The problem -
Return each record word for word and omit the pictures.

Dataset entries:
================

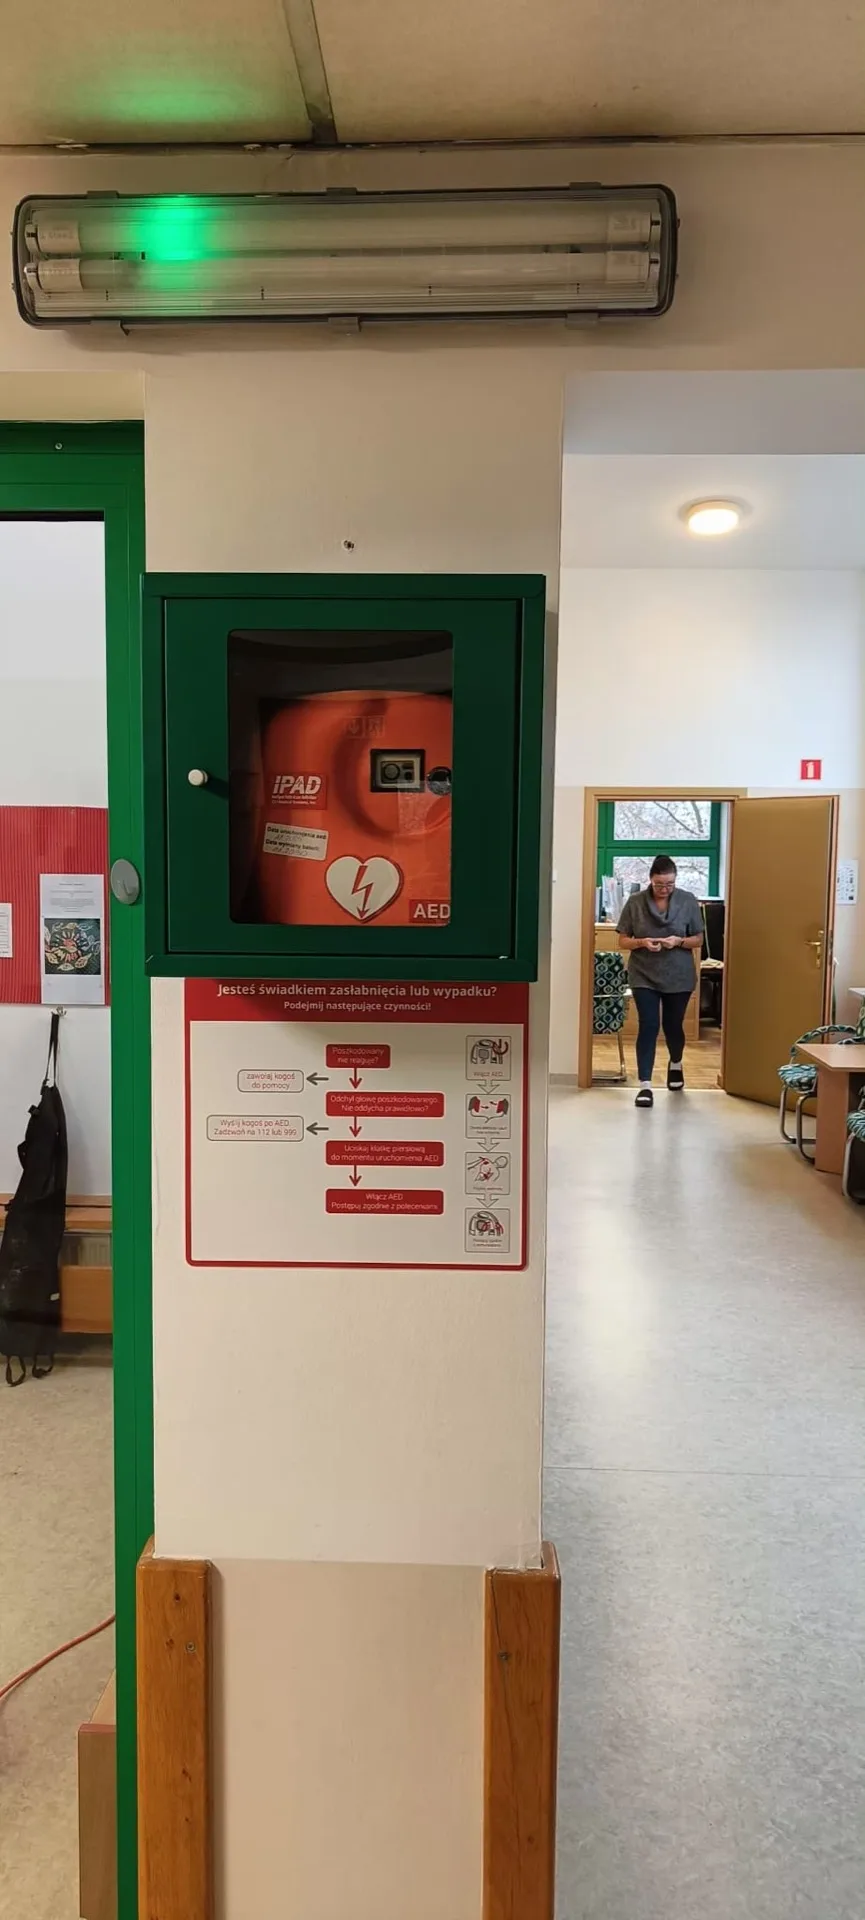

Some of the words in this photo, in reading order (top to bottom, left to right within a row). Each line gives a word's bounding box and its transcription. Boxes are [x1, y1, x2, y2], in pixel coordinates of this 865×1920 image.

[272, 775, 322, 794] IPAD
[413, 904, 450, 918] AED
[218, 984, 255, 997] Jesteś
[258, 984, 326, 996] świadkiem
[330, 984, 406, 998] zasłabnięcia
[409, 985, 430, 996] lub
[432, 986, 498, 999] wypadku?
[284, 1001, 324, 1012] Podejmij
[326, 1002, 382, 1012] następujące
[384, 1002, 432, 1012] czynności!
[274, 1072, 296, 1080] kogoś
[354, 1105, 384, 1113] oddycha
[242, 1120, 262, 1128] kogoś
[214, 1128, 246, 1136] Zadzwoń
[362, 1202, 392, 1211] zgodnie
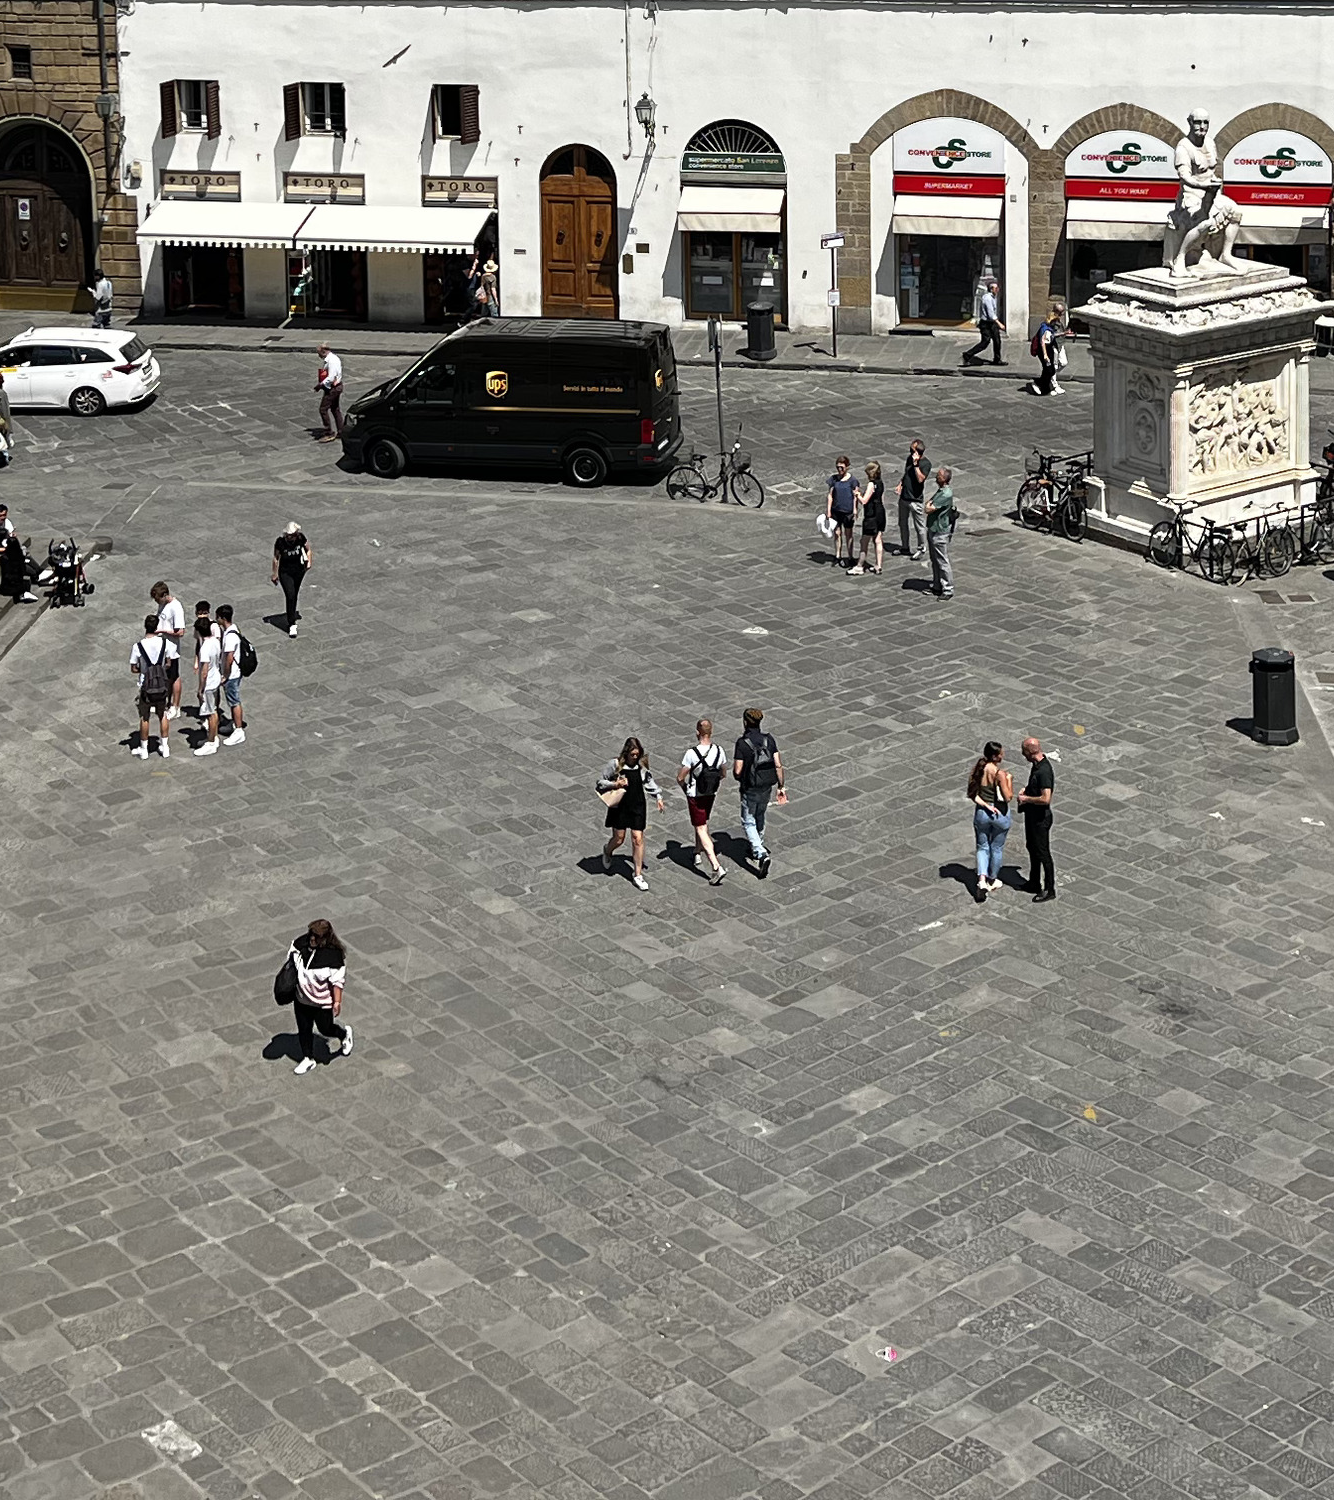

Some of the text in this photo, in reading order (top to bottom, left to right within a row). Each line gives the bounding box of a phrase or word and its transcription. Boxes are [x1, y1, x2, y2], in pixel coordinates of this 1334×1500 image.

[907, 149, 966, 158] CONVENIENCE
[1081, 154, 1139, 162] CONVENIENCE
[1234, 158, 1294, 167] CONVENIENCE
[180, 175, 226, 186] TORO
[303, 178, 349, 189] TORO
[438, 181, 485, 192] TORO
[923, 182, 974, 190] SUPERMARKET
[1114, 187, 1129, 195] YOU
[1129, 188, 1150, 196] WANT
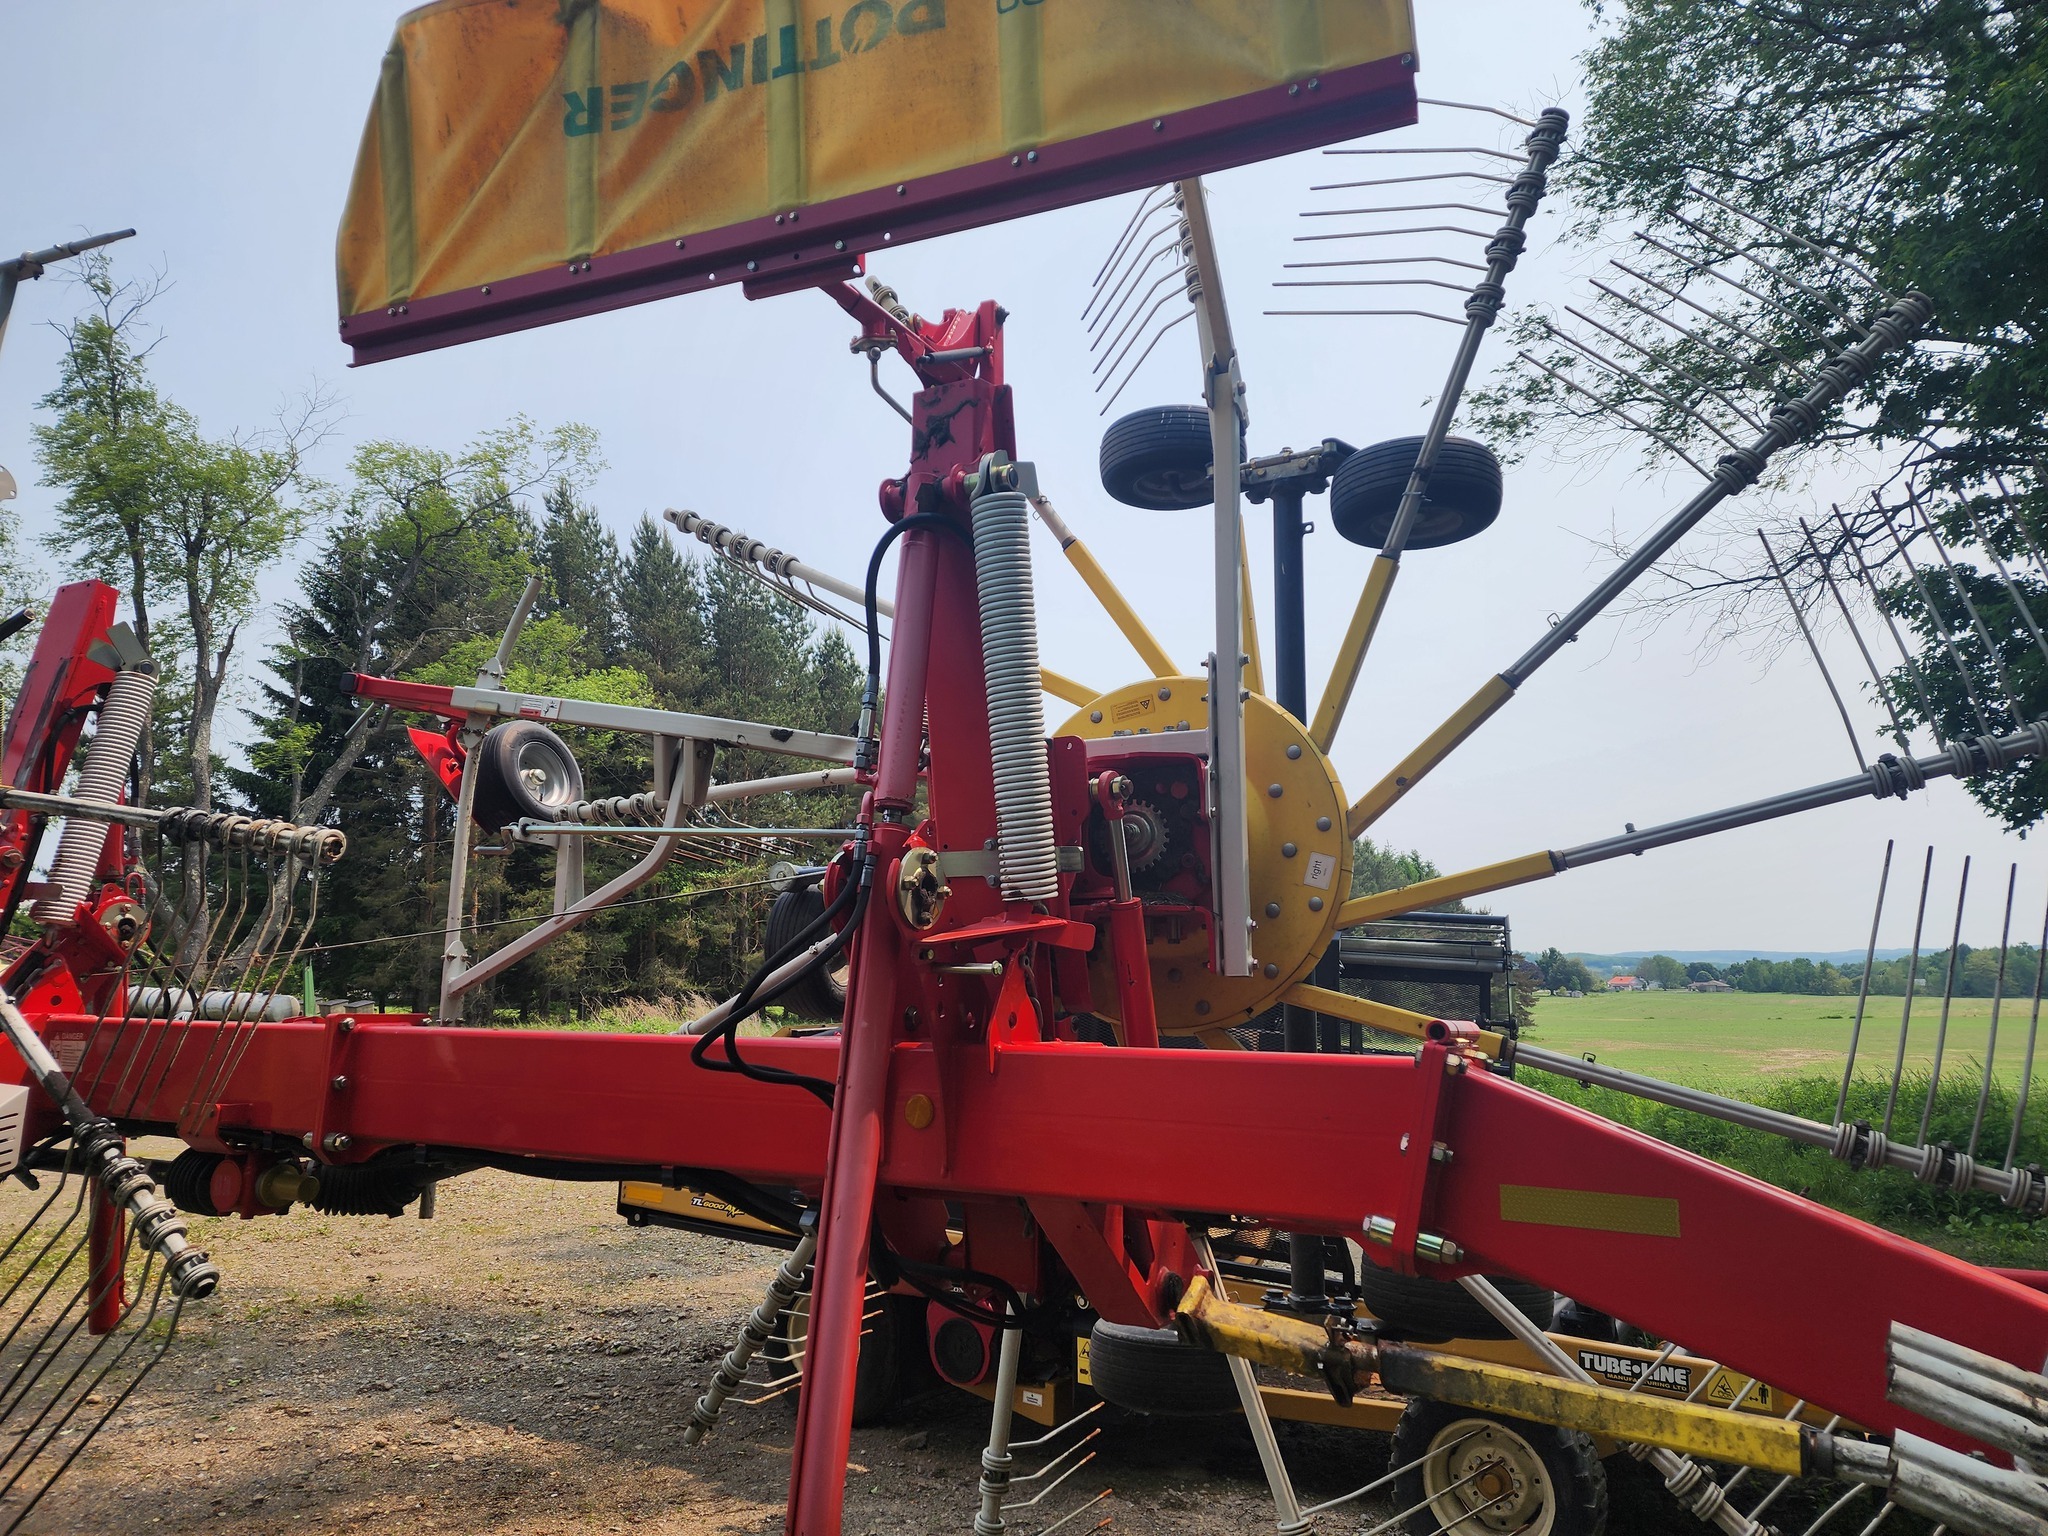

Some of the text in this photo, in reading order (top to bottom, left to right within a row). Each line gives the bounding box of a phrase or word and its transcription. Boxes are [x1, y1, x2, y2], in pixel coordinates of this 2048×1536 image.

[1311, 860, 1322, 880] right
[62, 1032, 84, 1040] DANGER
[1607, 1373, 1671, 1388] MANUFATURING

================

Response below -
Some of the words in this photo, in reading order (top to bottom, left to right within a row). Each line gives a word's bounding box and its transcription. Boxes are [x1, y1, x2, y2], in pixel coordinates of this 865×1920 image.

[272, 775, 322, 794] IPAD
[413, 904, 450, 918] AED
[218, 984, 255, 997] Jesteś
[258, 984, 326, 996] świadkiem
[330, 984, 406, 998] zasłabnięcia
[409, 985, 430, 996] lub
[432, 986, 498, 999] wypadku?
[284, 1001, 324, 1012] Podejmij
[326, 1002, 382, 1012] następujące
[384, 1002, 432, 1012] czynności!
[274, 1072, 296, 1080] kogoś
[354, 1105, 384, 1113] oddycha
[242, 1120, 262, 1128] kogoś
[214, 1128, 246, 1136] Zadzwoń
[362, 1202, 392, 1211] zgodnie

Some of the text in this photo, in reading order (top to bottom, left to right within a row). Each line gives the bounding box of a phrase or word and its transcription. Boxes are [x1, y1, x2, y2], in pixel coordinates of this 1334×1500 image.

[907, 149, 966, 158] CONVENIENCE
[1081, 154, 1139, 162] CONVENIENCE
[1234, 158, 1294, 167] CONVENIENCE
[180, 175, 226, 186] TORO
[303, 178, 349, 189] TORO
[438, 181, 485, 192] TORO
[923, 182, 974, 190] SUPERMARKET
[1114, 187, 1129, 195] YOU
[1129, 188, 1150, 196] WANT

Some of the text in this photo, in reading order (top to bottom, left to right within a row). Each line gives the bounding box of a phrase or word and its transcription. Boxes are [x1, y1, x2, y2], in pixel coordinates of this 2048×1536 image.

[1311, 860, 1322, 880] right
[62, 1032, 84, 1040] DANGER
[1607, 1373, 1671, 1388] MANUFATURING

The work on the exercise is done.